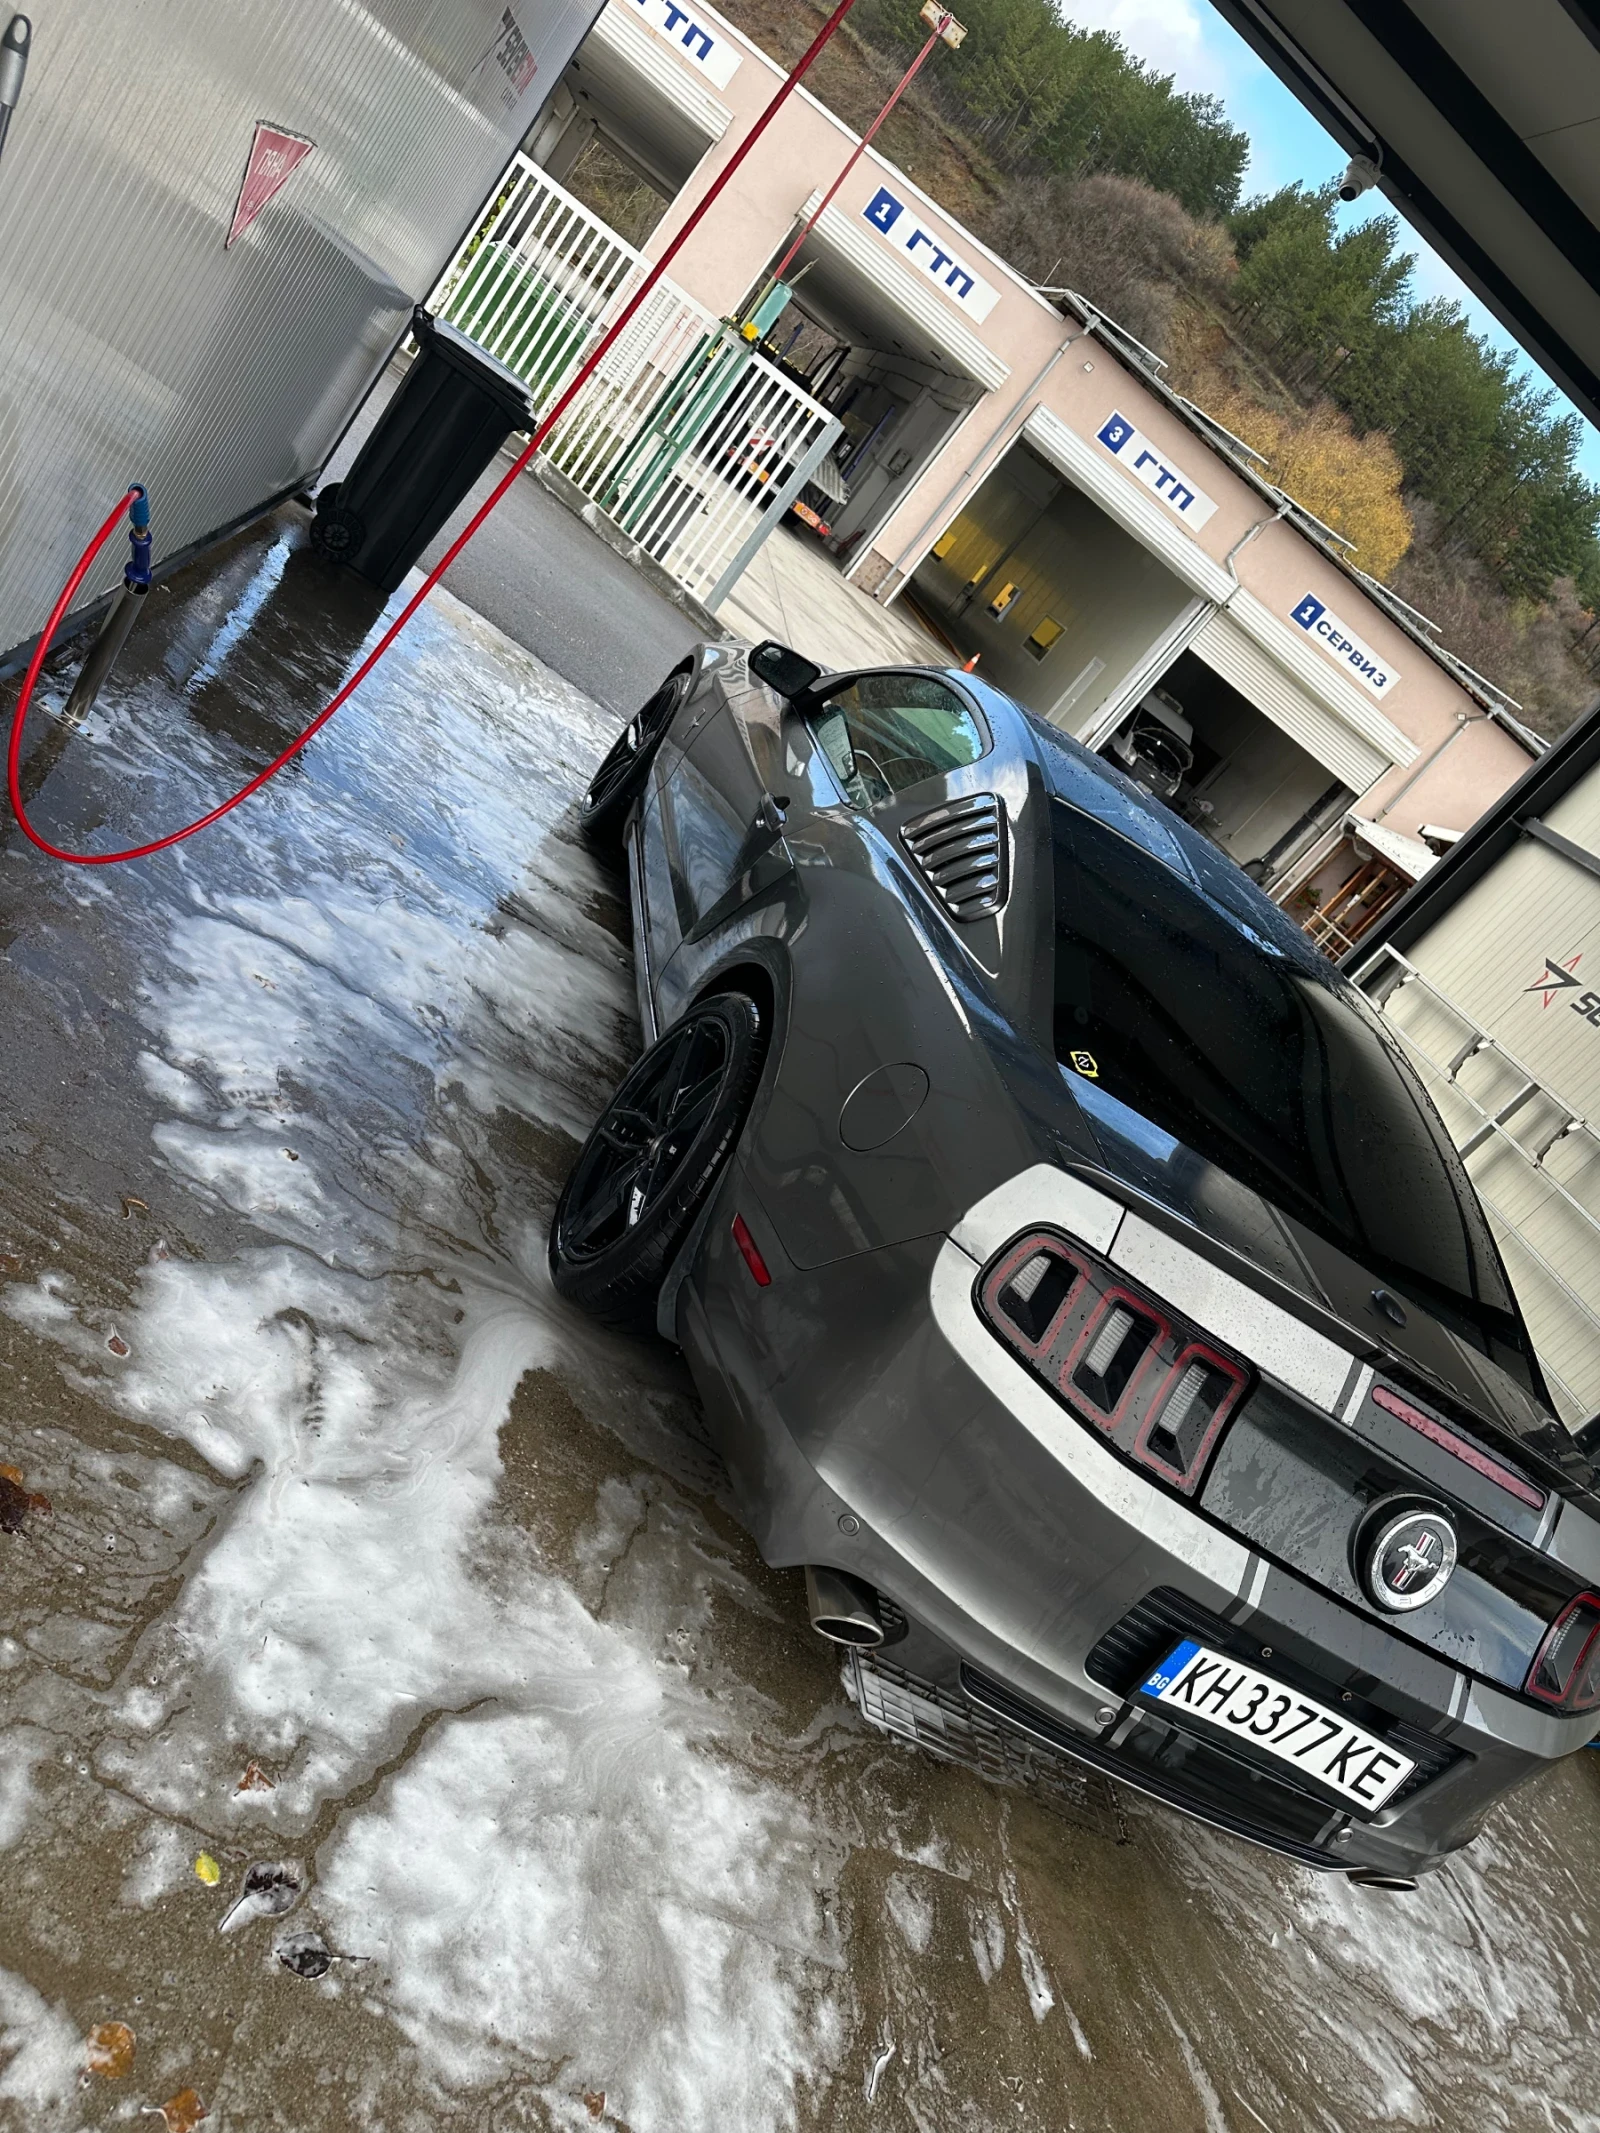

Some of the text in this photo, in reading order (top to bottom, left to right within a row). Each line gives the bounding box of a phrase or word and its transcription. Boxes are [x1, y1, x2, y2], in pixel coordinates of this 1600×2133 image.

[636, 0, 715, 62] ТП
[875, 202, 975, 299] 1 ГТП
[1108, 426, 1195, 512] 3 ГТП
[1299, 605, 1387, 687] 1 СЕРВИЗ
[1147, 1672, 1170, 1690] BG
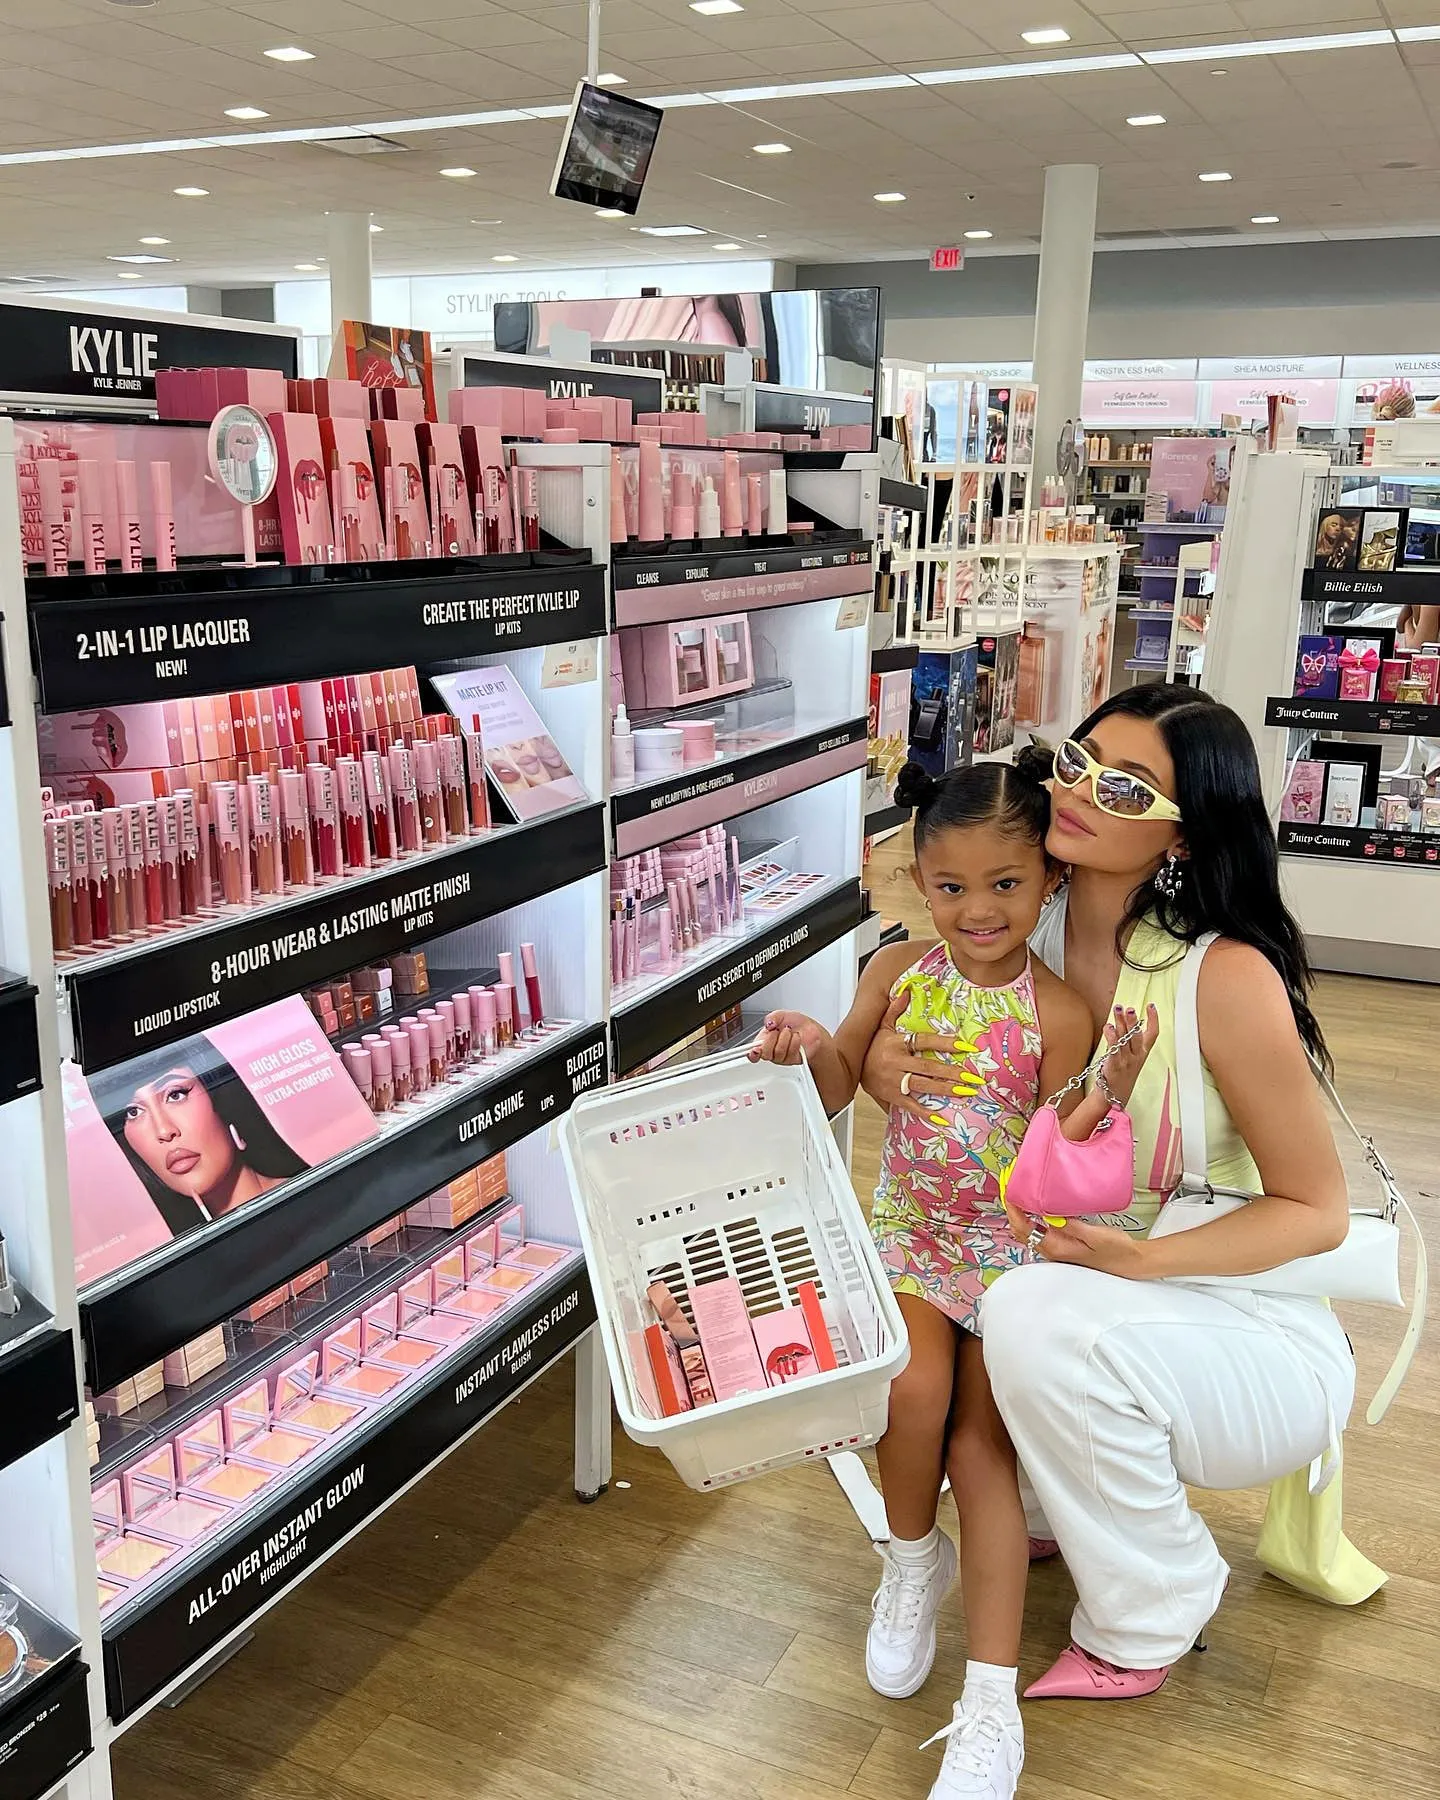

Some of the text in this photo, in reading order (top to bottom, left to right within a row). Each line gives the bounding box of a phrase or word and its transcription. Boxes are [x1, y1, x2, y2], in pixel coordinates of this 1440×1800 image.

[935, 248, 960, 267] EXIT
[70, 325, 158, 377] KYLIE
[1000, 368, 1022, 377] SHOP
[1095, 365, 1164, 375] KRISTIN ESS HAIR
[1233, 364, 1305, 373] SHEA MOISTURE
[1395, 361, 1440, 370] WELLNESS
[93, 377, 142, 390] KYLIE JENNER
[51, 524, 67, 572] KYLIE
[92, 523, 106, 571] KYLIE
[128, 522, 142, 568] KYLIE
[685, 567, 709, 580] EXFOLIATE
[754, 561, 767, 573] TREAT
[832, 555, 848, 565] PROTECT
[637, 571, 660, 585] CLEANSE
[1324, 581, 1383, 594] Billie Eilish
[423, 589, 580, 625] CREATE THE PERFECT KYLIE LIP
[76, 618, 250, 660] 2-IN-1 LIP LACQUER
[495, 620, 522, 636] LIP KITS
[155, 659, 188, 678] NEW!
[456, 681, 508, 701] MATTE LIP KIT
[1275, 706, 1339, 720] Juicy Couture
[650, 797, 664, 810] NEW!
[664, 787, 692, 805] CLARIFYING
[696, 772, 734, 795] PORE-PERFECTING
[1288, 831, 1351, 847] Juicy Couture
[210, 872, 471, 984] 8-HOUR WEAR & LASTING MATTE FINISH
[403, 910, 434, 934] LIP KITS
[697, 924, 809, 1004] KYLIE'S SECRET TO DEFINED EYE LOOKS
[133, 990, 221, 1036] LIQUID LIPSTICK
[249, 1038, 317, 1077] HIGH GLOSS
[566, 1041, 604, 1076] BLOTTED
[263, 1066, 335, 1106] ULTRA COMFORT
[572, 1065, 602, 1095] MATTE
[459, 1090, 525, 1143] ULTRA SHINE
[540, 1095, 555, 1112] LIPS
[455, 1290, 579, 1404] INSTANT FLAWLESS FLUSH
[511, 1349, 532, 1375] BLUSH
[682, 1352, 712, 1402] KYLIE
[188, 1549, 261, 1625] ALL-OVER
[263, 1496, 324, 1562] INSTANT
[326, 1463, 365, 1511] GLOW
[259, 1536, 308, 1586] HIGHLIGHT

........

- Goal of the exercise: Copy the whole of the material above exactly, but not its images.

- Answer below:
Some of the text in this photo, in reading order (top to bottom, left to right within a row). Each line gives the bounding box of a phrase or word and its transcription. Boxes are [x1, y1, x2, y2], in pixel coordinates of this 1600×2133 image.

[636, 0, 715, 62] ТП
[875, 202, 975, 299] 1 ГТП
[1108, 426, 1195, 512] 3 ГТП
[1299, 605, 1387, 687] 1 СЕРВИЗ
[1147, 1672, 1170, 1690] BG

Some of the text in this photo, in reading order (top to bottom, left to right within a row). Each line gives the bounding box of a phrase or word and its transcription. Boxes are [x1, y1, x2, y2], in pixel coordinates of this 1440×1800 image.

[935, 248, 960, 267] EXIT
[70, 325, 158, 377] KYLIE
[1000, 368, 1022, 377] SHOP
[1095, 365, 1164, 375] KRISTIN ESS HAIR
[1233, 364, 1305, 373] SHEA MOISTURE
[1395, 361, 1440, 370] WELLNESS
[93, 377, 142, 390] KYLIE JENNER
[51, 524, 67, 572] KYLIE
[92, 523, 106, 571] KYLIE
[128, 522, 142, 568] KYLIE
[685, 567, 709, 580] EXFOLIATE
[754, 561, 767, 573] TREAT
[832, 555, 848, 565] PROTECT
[637, 571, 660, 585] CLEANSE
[1324, 581, 1383, 594] Billie Eilish
[423, 589, 580, 625] CREATE THE PERFECT KYLIE LIP
[76, 618, 250, 660] 2-IN-1 LIP LACQUER
[495, 620, 522, 636] LIP KITS
[155, 659, 188, 678] NEW!
[456, 681, 508, 701] MATTE LIP KIT
[1275, 706, 1339, 720] Juicy Couture
[650, 797, 664, 810] NEW!
[664, 787, 692, 805] CLARIFYING
[696, 772, 734, 795] PORE-PERFECTING
[1288, 831, 1351, 847] Juicy Couture
[210, 872, 471, 984] 8-HOUR WEAR & LASTING MATTE FINISH
[403, 910, 434, 934] LIP KITS
[697, 924, 809, 1004] KYLIE'S SECRET TO DEFINED EYE LOOKS
[133, 990, 221, 1036] LIQUID LIPSTICK
[249, 1038, 317, 1077] HIGH GLOSS
[566, 1041, 604, 1076] BLOTTED
[263, 1066, 335, 1106] ULTRA COMFORT
[572, 1065, 602, 1095] MATTE
[459, 1090, 525, 1143] ULTRA SHINE
[540, 1095, 555, 1112] LIPS
[455, 1290, 579, 1404] INSTANT FLAWLESS FLUSH
[511, 1349, 532, 1375] BLUSH
[682, 1352, 712, 1402] KYLIE
[188, 1549, 261, 1625] ALL-OVER
[263, 1496, 324, 1562] INSTANT
[326, 1463, 365, 1511] GLOW
[259, 1536, 308, 1586] HIGHLIGHT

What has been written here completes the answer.